Background Emergency departments (E.D.) are described as suboptimal places to die due to their busy and often crowded nature, lack of time, space or privacy and focus on rapid assessment and recovery (Cooper, Hutchinson, Sheikh, et al. Palliat Med. 2018:32(9):1443–1454; Krebs, Hill, Kirkland, et al. Int Emerg Nurs. 2023;69:101294). E.D. staff report varying skills and confidence to deliver palliative care (Heufel, Kourouche, Wing Shan, et al. Int Emerg Nurs. 2022; 61:101153). Despite the challenges, dying patients present in E.D. for numerous reasons including; life-threatening acute emergencies, crises during terminal illness, uncontrolled symptoms, lack of community services and lack of advance care planning (Cooper, et al.; Krebs, et al.; Heufel, et al.).

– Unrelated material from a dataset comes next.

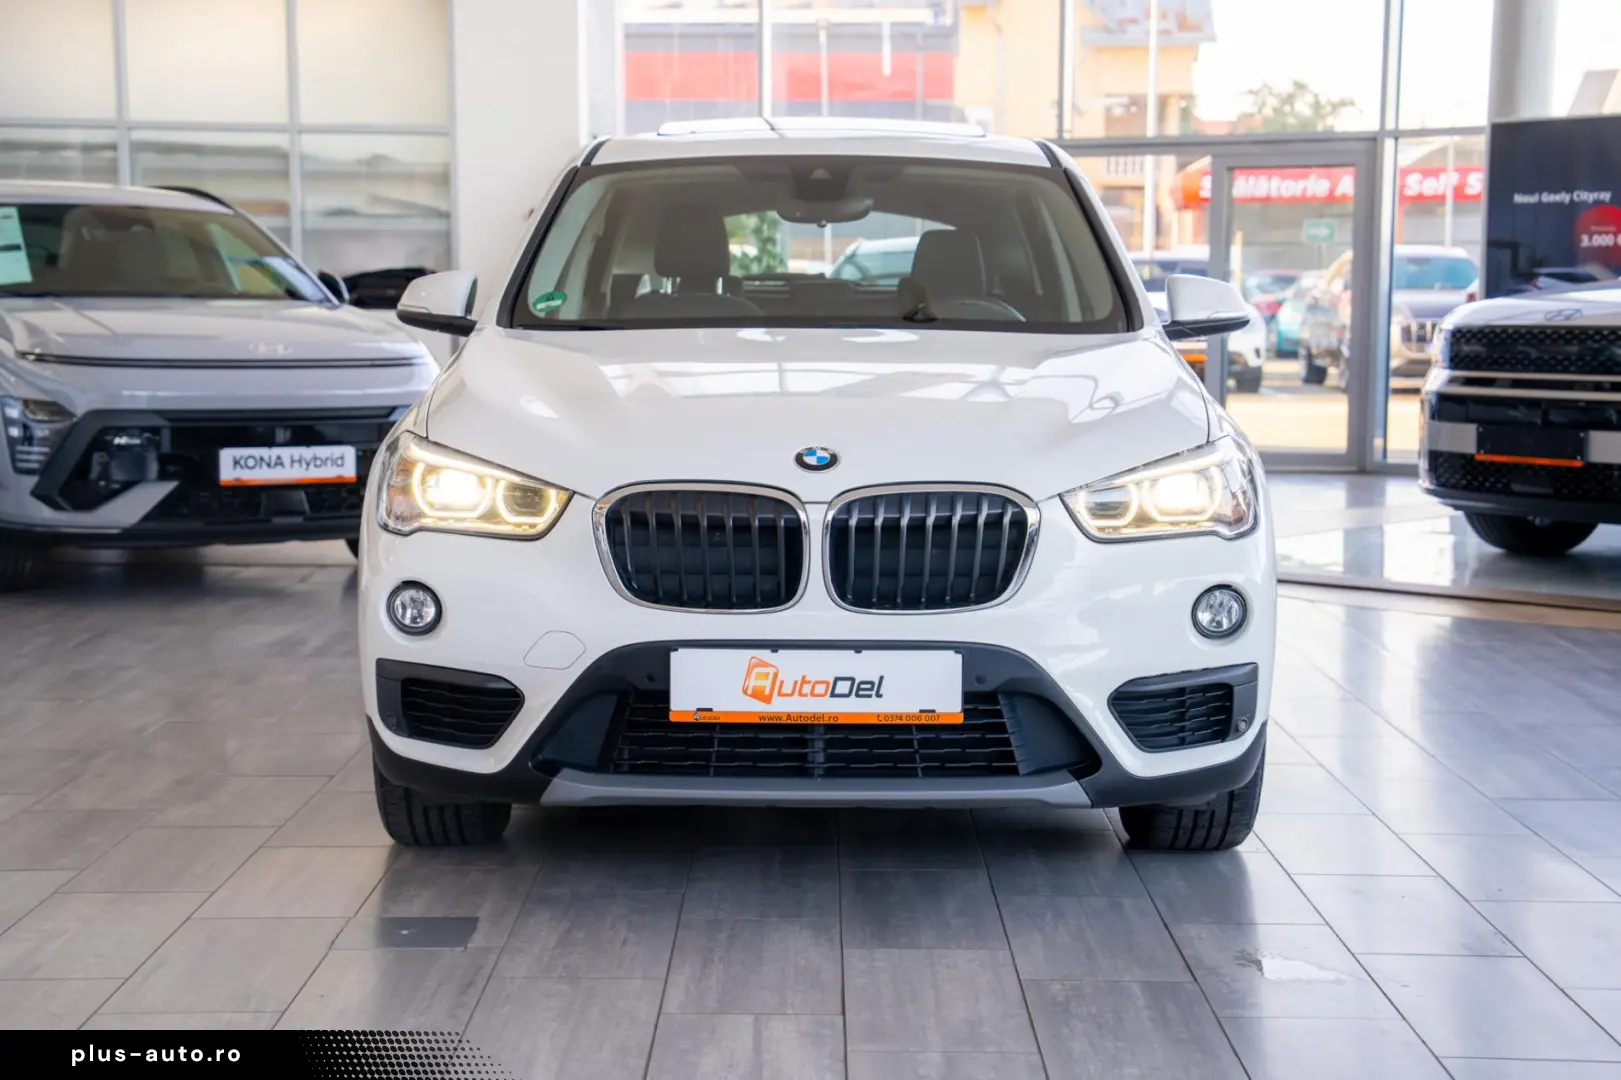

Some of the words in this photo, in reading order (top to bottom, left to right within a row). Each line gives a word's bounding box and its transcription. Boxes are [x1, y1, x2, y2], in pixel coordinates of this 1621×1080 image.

Aims We aimed to develop an efficient, safe pathway to enable direct transfer of dying patients from two large emergency departments within our local acute NHS trust to the hospice in-patient unit.

Methods

  • Formation of steering group including hospice staff, hospital palliative care team, Consultant in Emergency Medicine.

  • Eligibility criteria agreed ensuring safe transfer of appropriate patients.

  • Transfer process agreed by steering group and palliative medicine consultants across city.

  • Pathway flowchart and telephone triage form developed and agreed by all parties.

  • Documents shared electronically with all partners.

  • Teaching delivered within E.D. and hospices.

Results Since 2022, 32 patients have been transferred directly from ED to the hospice in-patient unit. Of these patients;

  • 12 were already known to the hospice service, 20 had no previous referral.

  • Cancer/non cancer split = 50/50%.

  • 13 patients transferred in hours (Mon–Fri 09:00–17:00), 19 patients transferred out of hours.

15 patients died within 24 hours of transfer. Seven died within three days of transfer. Five died within a week. Five were discharged after assessment and symptom management.

11 patients were referred but not transferred:

  • •  8 no available hospice bed.

  • •  2 patients chose admission to hospital.

  • •  1 too unstable to move.

Conclusion Collaborative working and innovative thinking enables timely transfer of dying patients from E.D. to a peaceful hospice environment conducive to dignified, expert end of life care.